Fourth year, she felt much the same about Harry's Triwizard tournament. She was genuinely fearful when Harry came out of the maze and collapsed, and she was genuinely happy that he'd survived, but she knew that she would have been able to simply get over it if he died.

She hated herself for it.

In her fifth year, she was just ... slow. She believed that Voldemort had risen again, knew the power Voldemort had. Knew that he'd slaughtered dozens of people. But it never felt ... real. It was like her mind was trying to keep up with her knowledge. She knew that people could die. She simply wasn't worried about it. Everything seemed so vague, distant.

Until she saw Luna fall.

Her brain went into a panic. This was, she felt, the tipping point. The moment when she fully comprehended that she could actually die. She felt so stupid. It seemed that everyone had known this all along except for her, she who was supposed to be the smart one. Everyone had known what they'd signed up for and everyone had joined in anyway.

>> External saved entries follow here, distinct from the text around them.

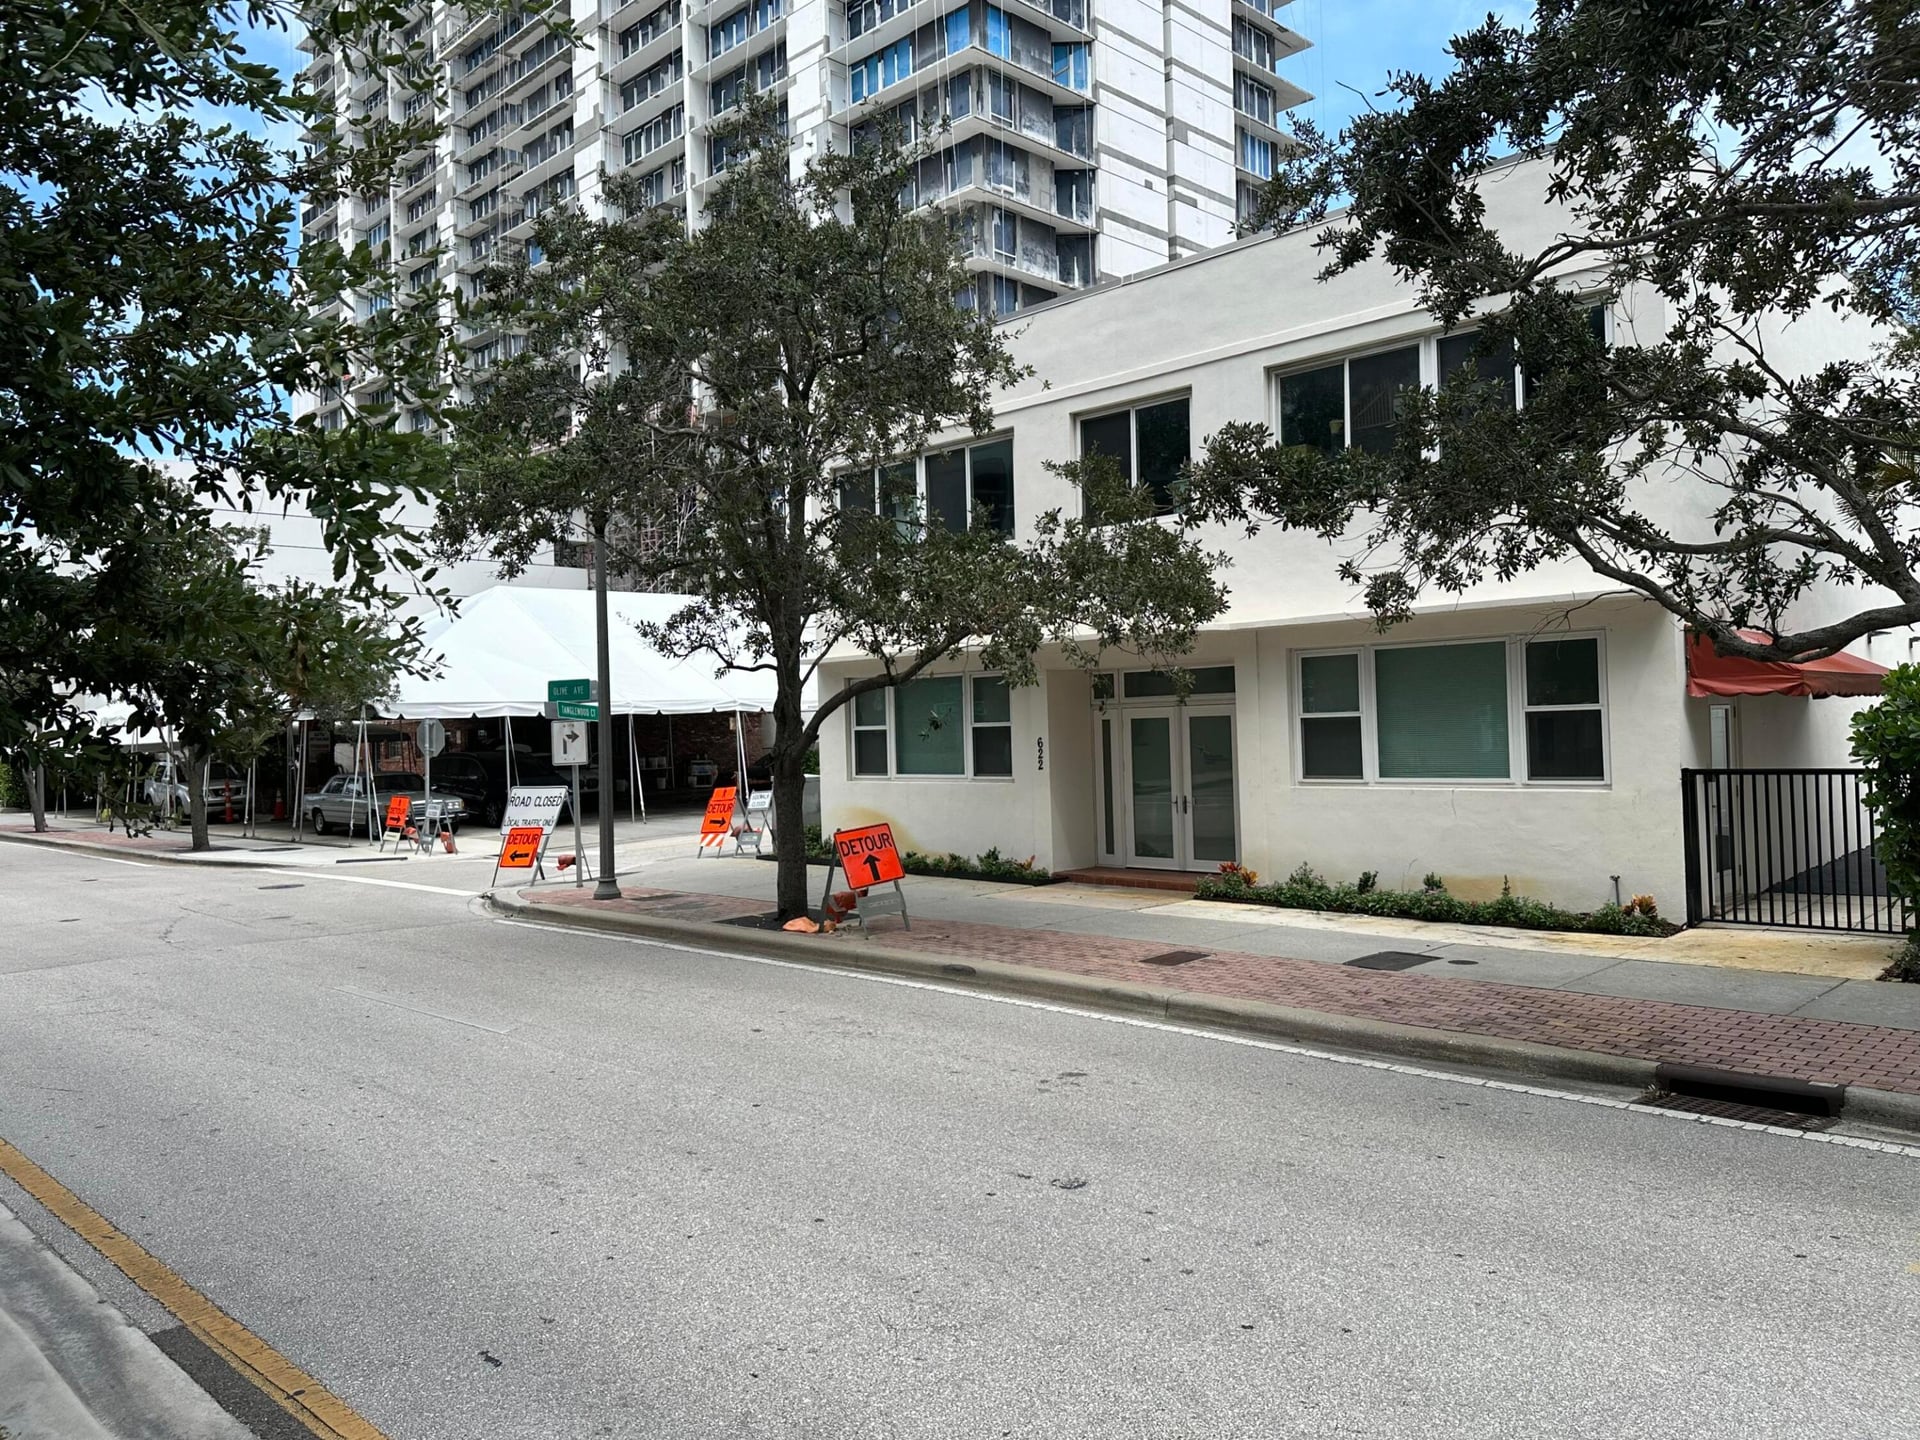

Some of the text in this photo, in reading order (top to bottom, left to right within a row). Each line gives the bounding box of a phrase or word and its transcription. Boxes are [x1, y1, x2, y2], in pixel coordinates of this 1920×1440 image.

[553, 685, 584, 696] OLIVE AVE
[561, 705, 596, 718] TANGLEWOOD CT
[510, 795, 563, 807] ROAD CLOSED
[707, 803, 734, 814] DETOUR
[503, 818, 555, 827] LOCAL TRAFFIC ONLY
[508, 833, 540, 845] DETOUR
[839, 832, 893, 858] DETOUR
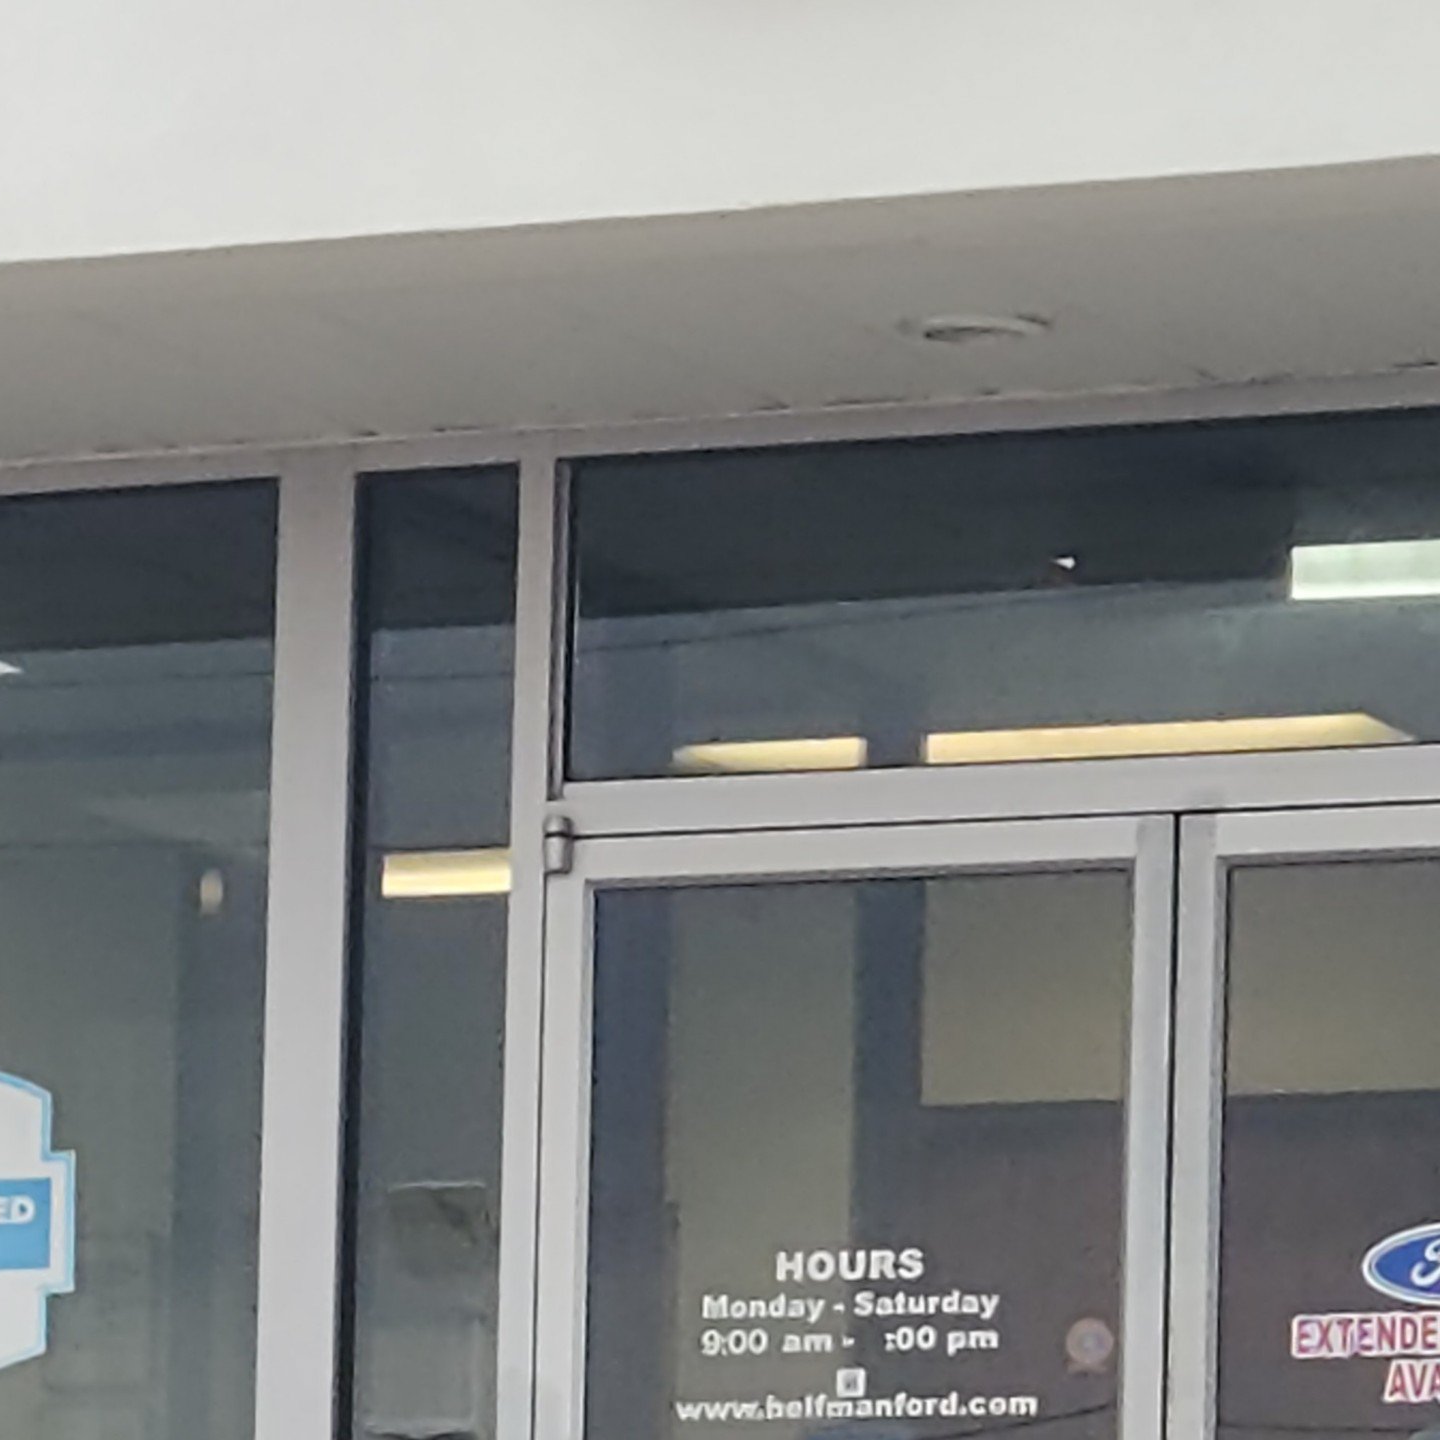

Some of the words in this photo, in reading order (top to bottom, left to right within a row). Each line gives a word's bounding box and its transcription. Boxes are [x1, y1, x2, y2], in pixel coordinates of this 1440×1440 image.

She is now sure that if she had known that her life was truly on the line, she would have done anything to try and worm out of it.

But nobody suspected anything. They won; nobody died.

Except Sirius.

She watched as Harry broke down then tried to pull himself together. She knew that Harry would have died for Sirius if he could have. And he would have died for her or Ron.

Harry would die for her and she hates herself for it, because she knows that she'd never die for him. Not for Ron or Harry or anyone.

Why? Why can't she be less selfish? Why is she so terrified of what might lie for her beyond?

She's asking herself these questions now and she still doesn't know.

Her sixth year is one that she will always regret. Because she knows that she took more of the felix felicis than anyone else. She took all of it and conjured some lightly flavoured water into the bottle.

She has never felt more hatred. Everything she has ever felt towards Draco Malfoy or Voldemort or the Death Eaters combined cannot be compared to the burning fury she felt at herself that night - and many nights and days afterwards.

Why?

None of the people who drank the fake felix felicis were hurt that night, and she is grateful for that.

She is now seventeen years old. She and Harry and Ron are in Harry's room. It's the day before Bill's wedding and she cannot believe that she managed to think all of that in five minutes.

Harry has finished talking about the trip he has ahead of him. He stands, apparently concluding his speech.

"Wait!" Ron tugs his friend's hand. "Harry, I'm coming with you."

"... You are?" Harry looks hopeful – then frowns. He hates himself for wanting Ron to come with him. Hermione can tell.

"You are?" she echoes, her voice slightly empty.

"Yes, of course!" Ron insists. "Hermione, why –"

"Hermione, you're not coming with me," Harry says firmly.

"Why, is it because she isn't as good as us? That's sexist and untrue."

"No, it isn't. It's too dangerous. You could die. I'm not saying just Hermione, you're not coming with me, Ron."

"But –"

"Ron," Hermione says carefully. "Ron, think about it."

"I have and I'm going with Harry."

"Ron, what about your family? If you disappear, the Ministry'll assume that you went with Harry – you're his best friend and they know it. They'll come looking for you, and they'll find you missing."

"Exactly!" says Harry, smiling gratefully at Hermione. The hatred she feels for herself grows. "You're not safe. Not you, not Hermione."
"But guys –"

"Ron, how about this? I'll go and find the Horcruxes myself. That was the plan all along. If I ever need your help, I promise that I will call you."

Ron bites his lip hesitantly. Hermione feels her heart thumping in her ribcage – Ron would risk his life for Harry. Hermione wouldn't. Damnit, why is she so selfish?

"I promise," says Harry.

Ron takes a deep breath. "Alright, mate. But you'd better make sure you remember to."

They shake hands and embrace. Hermione feels tears sliding down her cheeks. Is this her fault? If Harry doesn't make it and the Wizarding world falls to Voldemort, will it be her fault?

Harry holds his arms out to Hermione. "Don't cry, Hermione. I'm not leaving for another day."

"Alright," she says, but it's so soft that he doesn't hear her. She hugs him and sobs, wishing for a million things that will never come true.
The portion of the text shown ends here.